| Exercise description |
Taking the line with "Some of the words" as the first and the last line of the entries as the final one, copy that span exactly.

| Material for this task |
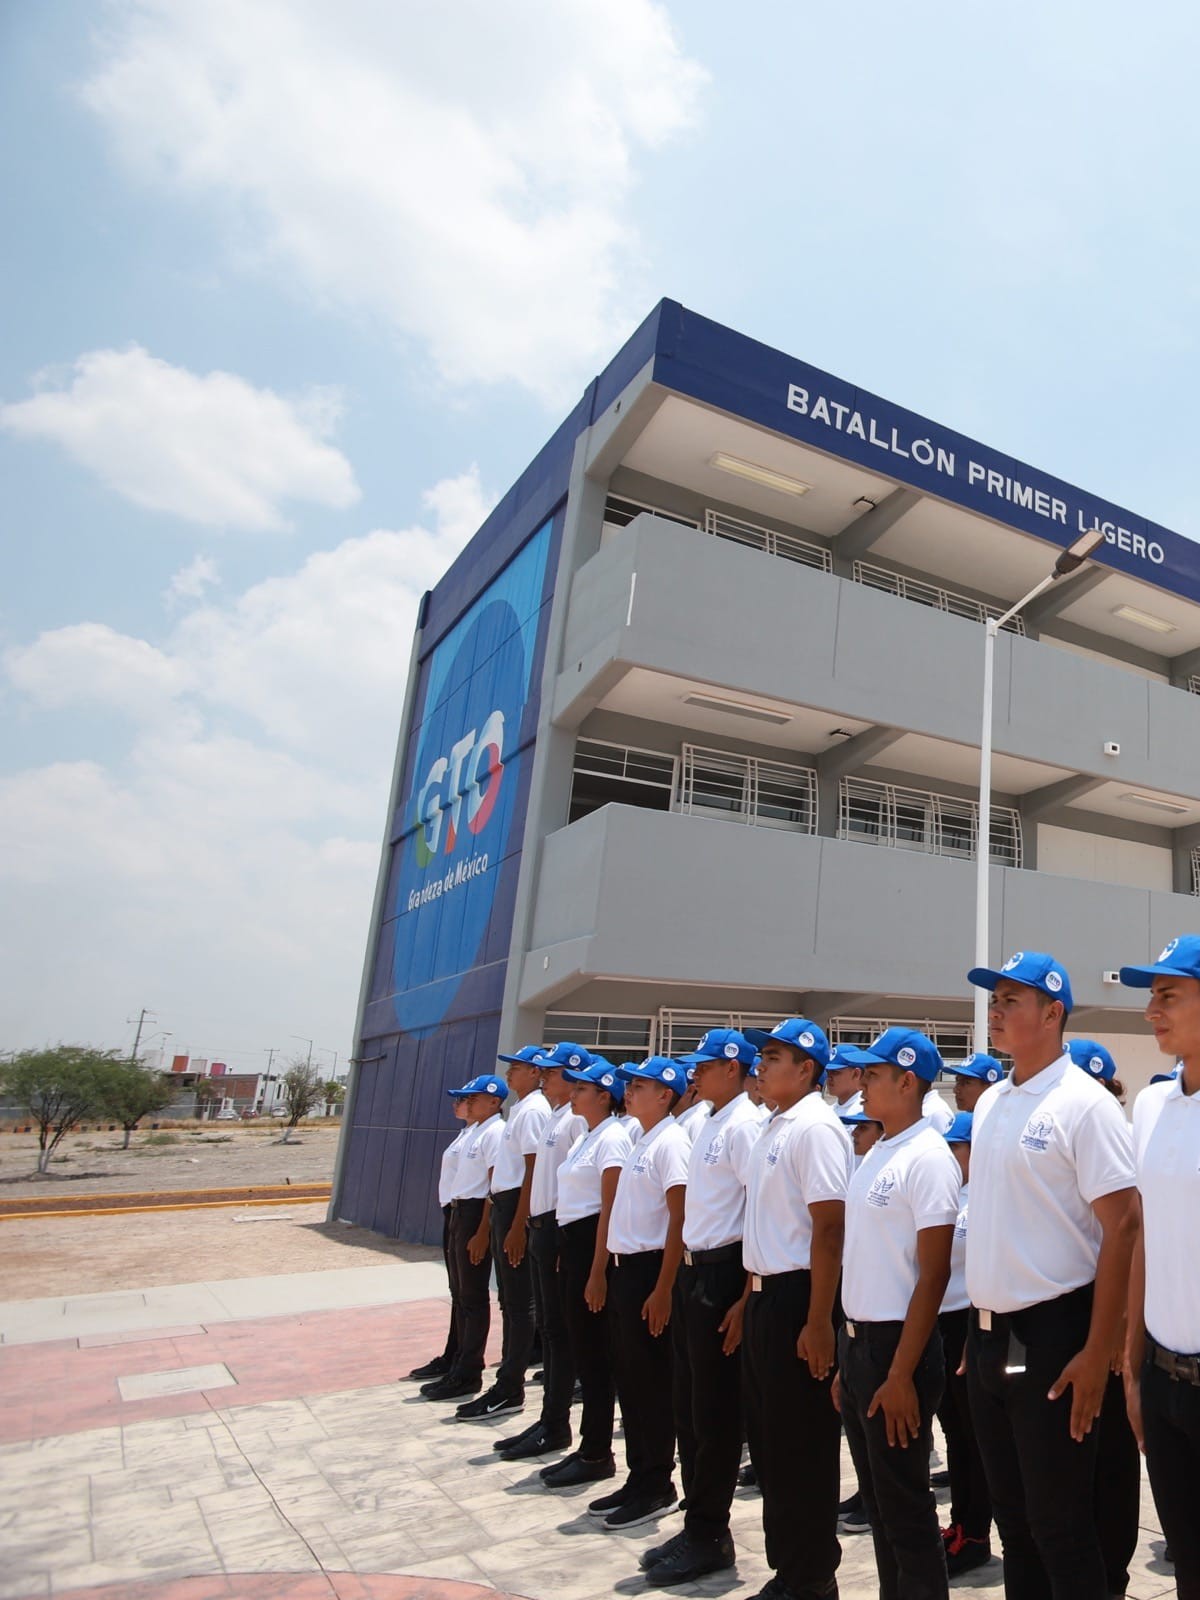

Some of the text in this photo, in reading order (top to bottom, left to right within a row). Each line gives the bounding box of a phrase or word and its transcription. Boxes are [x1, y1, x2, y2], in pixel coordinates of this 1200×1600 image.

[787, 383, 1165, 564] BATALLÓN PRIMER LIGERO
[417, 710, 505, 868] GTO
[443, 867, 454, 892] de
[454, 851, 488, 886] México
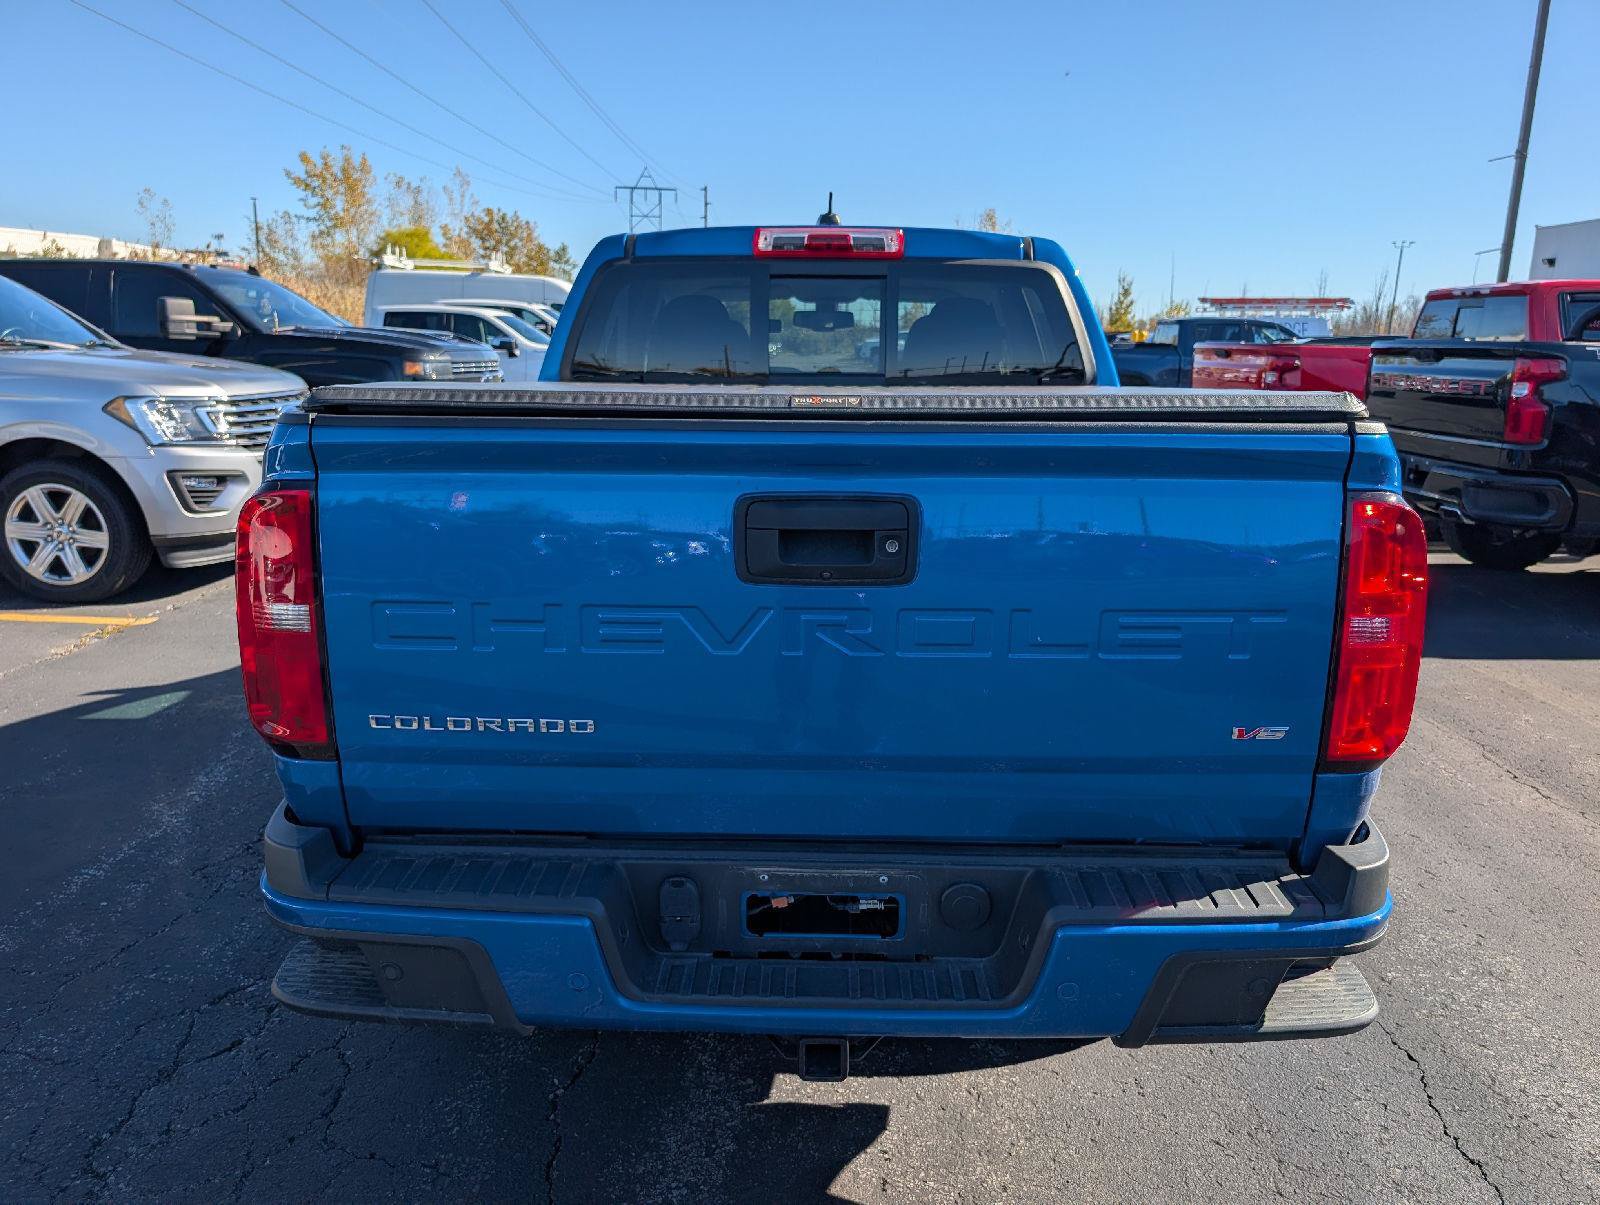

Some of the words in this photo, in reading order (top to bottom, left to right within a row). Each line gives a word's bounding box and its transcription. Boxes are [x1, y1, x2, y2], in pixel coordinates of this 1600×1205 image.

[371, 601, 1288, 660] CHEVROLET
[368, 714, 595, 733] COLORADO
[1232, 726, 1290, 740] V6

| Exercise output |
Some of the words in this photo, in reading order (top to bottom, left to right within a row). Each line gives a word's bounding box and its transcription. Boxes are [x1, y1, x2, y2], in pixel coordinates of this 1600×1205 image.

[371, 601, 1288, 660] CHEVROLET
[368, 714, 595, 733] COLORADO
[1232, 726, 1290, 740] V6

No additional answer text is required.